Let us take ${\mathrm{\Gamma }}_1=M_1,$ ${\mathrm{\Gamma }}_2=M_1{M}_2-M_3,$ ${\mathrm{\Gamma }}_3=M_1{M}_2{M}_3-M_3^2-M_1^2{M}_4+M_1{M}_5$, ${\mathrm{\Gamma }}_4=M_1{M}_2{M}_3{M}_4-M_3^2{M}_4-M_1^2{M}_4-M_1{M}_2^2{M}_5+M_2{M}_3{M}_5+2M_1{M}_4{M}_5-M_5^2.$

If Γ₁, Γ₂, Γ₃, Γ₄ are all positive then all the roots are negative or its real parts is negative by using Routh Hurwitz criteria. Hence, the infected equilibrium point $Q_{2_p}$ is locally asymptotically stable.

Global stability analysis

With the help of the method proposed by Chavez et al. (2002), we analyze the global stability of infection free equilibrium $Q_{1_p}$. Also by choosing a suitable Lyapunov function, we establish the global stability of the infected equilibrium $Q_{2_p}$ in region χ. The model (1) can be described in the following way

$$\begin{array}{c}\frac{d{Y}_1}{\mathit{dt}}=F_1\left(Y_1,Z_1\right)\\ \frac{d{Z}_1}{\mathit{dt}}=F_2\left(Y_1,Z_1\right)\text{with}{F}_2\left(Y_1,0\right)=0\\ \end{array}$$ 6

Here, the uninfected individuals are represented by $Y_1\in {\mathcal{R}}^{n_p}$ and the infected individuals are denoted by $Z_1\in {\mathcal{R}}^{n_q}$. $n_p$ and $n_q$ denote positive integers. We assume $T_0=(Y_0,0)$ to be the infection free equilibrium of the system (6). Two conditions are considered to prove the stability.

$(T_1)$ for $\frac{d{Y}_1}{\mathit{dt}}=F_1(Y_1,0)$, $Y_0$ is globally asymptotically stable.

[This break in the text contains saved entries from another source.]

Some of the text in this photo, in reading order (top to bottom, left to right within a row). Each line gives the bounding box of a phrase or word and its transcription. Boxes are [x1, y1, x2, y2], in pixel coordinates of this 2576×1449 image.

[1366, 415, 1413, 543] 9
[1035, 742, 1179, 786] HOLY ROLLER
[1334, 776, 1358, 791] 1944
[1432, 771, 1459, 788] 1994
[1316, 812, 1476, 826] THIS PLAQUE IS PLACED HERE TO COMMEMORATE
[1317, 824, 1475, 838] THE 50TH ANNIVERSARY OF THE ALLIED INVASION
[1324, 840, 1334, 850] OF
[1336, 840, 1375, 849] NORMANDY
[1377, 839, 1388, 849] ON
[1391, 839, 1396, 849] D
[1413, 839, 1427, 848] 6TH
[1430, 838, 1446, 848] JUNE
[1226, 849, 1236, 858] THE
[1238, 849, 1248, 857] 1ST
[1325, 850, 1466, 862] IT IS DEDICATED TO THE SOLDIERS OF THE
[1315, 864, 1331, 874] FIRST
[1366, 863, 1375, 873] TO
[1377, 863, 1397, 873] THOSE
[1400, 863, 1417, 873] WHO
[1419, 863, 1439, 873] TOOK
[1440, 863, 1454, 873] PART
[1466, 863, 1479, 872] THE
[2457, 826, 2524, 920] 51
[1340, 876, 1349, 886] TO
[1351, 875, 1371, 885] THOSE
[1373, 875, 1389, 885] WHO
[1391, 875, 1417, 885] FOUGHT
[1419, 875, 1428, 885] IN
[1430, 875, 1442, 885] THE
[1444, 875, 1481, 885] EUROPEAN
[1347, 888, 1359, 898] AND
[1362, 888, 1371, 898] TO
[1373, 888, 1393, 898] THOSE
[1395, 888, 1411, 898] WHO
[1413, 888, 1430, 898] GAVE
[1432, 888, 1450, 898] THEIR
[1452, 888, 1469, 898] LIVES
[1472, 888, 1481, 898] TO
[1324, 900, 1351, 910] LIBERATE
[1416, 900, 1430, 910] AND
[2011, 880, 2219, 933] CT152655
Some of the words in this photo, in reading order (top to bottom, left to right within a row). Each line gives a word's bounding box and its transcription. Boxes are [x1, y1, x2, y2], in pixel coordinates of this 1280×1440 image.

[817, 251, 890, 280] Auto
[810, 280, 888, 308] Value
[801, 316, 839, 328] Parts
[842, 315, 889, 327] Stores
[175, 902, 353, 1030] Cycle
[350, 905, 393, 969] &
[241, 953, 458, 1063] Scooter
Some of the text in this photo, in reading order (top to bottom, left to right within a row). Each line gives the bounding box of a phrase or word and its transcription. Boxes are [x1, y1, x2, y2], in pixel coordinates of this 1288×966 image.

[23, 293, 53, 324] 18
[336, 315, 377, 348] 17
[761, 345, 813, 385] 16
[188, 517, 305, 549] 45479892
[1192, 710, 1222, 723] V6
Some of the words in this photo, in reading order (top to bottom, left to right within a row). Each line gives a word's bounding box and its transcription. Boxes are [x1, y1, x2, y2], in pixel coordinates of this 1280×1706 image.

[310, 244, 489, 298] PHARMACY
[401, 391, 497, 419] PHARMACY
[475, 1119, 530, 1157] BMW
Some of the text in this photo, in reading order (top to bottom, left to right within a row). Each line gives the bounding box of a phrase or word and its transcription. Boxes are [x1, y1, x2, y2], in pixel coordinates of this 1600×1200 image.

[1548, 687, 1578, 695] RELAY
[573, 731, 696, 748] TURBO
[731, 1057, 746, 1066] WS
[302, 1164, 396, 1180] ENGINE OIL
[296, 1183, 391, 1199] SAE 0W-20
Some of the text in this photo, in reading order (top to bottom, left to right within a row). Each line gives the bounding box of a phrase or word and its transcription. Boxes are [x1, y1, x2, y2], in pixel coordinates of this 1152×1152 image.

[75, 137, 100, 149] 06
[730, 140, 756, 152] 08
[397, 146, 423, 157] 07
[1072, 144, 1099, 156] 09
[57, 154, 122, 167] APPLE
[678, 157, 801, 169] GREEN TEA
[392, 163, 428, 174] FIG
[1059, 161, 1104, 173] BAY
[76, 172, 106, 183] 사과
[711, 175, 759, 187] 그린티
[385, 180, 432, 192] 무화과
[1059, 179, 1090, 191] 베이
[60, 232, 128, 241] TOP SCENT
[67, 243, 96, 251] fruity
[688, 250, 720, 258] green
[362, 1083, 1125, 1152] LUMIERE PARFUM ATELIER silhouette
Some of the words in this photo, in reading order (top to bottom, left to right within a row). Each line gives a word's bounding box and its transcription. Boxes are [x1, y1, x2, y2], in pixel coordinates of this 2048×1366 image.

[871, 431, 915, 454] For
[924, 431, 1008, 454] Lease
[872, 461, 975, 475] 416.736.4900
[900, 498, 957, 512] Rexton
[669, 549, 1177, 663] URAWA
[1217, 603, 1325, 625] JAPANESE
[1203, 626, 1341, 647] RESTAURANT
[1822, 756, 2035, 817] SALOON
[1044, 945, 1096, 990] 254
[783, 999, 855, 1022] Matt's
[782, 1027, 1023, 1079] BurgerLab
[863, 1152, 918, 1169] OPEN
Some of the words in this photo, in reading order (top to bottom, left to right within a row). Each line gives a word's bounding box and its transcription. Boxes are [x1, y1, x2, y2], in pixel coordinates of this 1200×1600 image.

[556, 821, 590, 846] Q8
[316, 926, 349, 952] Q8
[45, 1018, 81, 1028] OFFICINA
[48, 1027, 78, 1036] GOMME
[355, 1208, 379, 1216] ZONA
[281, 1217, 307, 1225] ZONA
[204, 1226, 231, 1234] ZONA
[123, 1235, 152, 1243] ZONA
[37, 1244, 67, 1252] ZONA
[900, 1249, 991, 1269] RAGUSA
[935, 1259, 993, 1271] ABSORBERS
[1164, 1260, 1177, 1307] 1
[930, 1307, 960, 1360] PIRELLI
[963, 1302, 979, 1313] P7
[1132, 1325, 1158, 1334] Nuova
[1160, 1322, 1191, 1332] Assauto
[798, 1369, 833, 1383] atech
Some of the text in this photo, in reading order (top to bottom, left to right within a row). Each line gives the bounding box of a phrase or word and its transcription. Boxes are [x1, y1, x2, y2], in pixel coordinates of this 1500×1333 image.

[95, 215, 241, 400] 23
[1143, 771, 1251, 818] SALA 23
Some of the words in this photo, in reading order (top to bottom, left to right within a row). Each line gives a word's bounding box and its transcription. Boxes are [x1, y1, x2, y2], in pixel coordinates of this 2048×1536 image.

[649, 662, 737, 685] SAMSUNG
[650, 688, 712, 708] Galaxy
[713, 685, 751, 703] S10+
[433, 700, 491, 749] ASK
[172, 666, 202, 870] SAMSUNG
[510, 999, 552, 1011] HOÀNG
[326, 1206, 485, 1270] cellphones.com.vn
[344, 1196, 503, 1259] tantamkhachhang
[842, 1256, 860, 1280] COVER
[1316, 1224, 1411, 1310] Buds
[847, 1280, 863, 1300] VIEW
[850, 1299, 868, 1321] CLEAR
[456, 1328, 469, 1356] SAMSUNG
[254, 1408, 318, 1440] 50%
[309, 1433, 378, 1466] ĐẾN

$(T_2)$ $F_2\left(Y_1,,,Z_1\right)=D_{Z_1}{F}_2\left(Y_0,,,0\right)Z_1-\overline{F_2}\left(Y_1,,,Z_1\right),$ $\overline{F_2}\left(Y_1,,,Z_1\right)\ge 0$ for $\left(Y_1,,,Z_1\right)\in \chi$. Here, $D_{Z_1}{F}_2\left(Y_0,,,0\right)$ denotes an M matrix having eigenvalues with nonnegative real parts and χ represents bounded biological region.

Theorem 5

If the conditions $T_1$ & $T_2$ are satisfied, the infection free equilibrium $T_0=(Y_0,0)$ of system (6) is globally asymptotically stable for $R_0<1.$

The global stability of the infection free equilibrium $Q_{1_p}$ is ensured by following result when $R_0<1.$

Theorem 6

If $R_0<1$ and $a=0,b=0$, the infection free equilibrium $Q_{1_p}$ of crisp model (1) is globally asymptotically stable.

Proof

With the help of above theorem, the crisp model (1) can be assumed in the form

$$\frac{d{Y}_1}{\mathit{dt}}=F_1(Y_1,Z_1)$$

$$\frac{d{Z}_1}{\mathit{dt}}=F_2(Y_1,Z_1)$$

where, $F_1\left(Y_1,Z_1\right)=\left[\mathrm{\Pi }-\lambda SI-dS-\left(q_0+\frac{v_{1}U}{1+{\theta }_{1}U}\right)S+{\gamma }_{0}R,\left(q_0+\frac{v_{1}U}{1+{\theta }_{1}U}\right)S-\lambda \left(1-\psi \right)VI-\left(\beta +d\right)V,\beta V+\gamma I-dR-{\gamma }_{0}R+\left(a+b{v}_2\right)I,gI-p_{0}U\right]$ and $F_2\left(Y_1,Z_1\right)=\lambda SI+\lambda \left(1-\psi \right)VI-\left(\gamma +d+\delta \right)-\left(a+b{v}_2\right)I$ with $F_2\left(Y_1,0\right)=0$.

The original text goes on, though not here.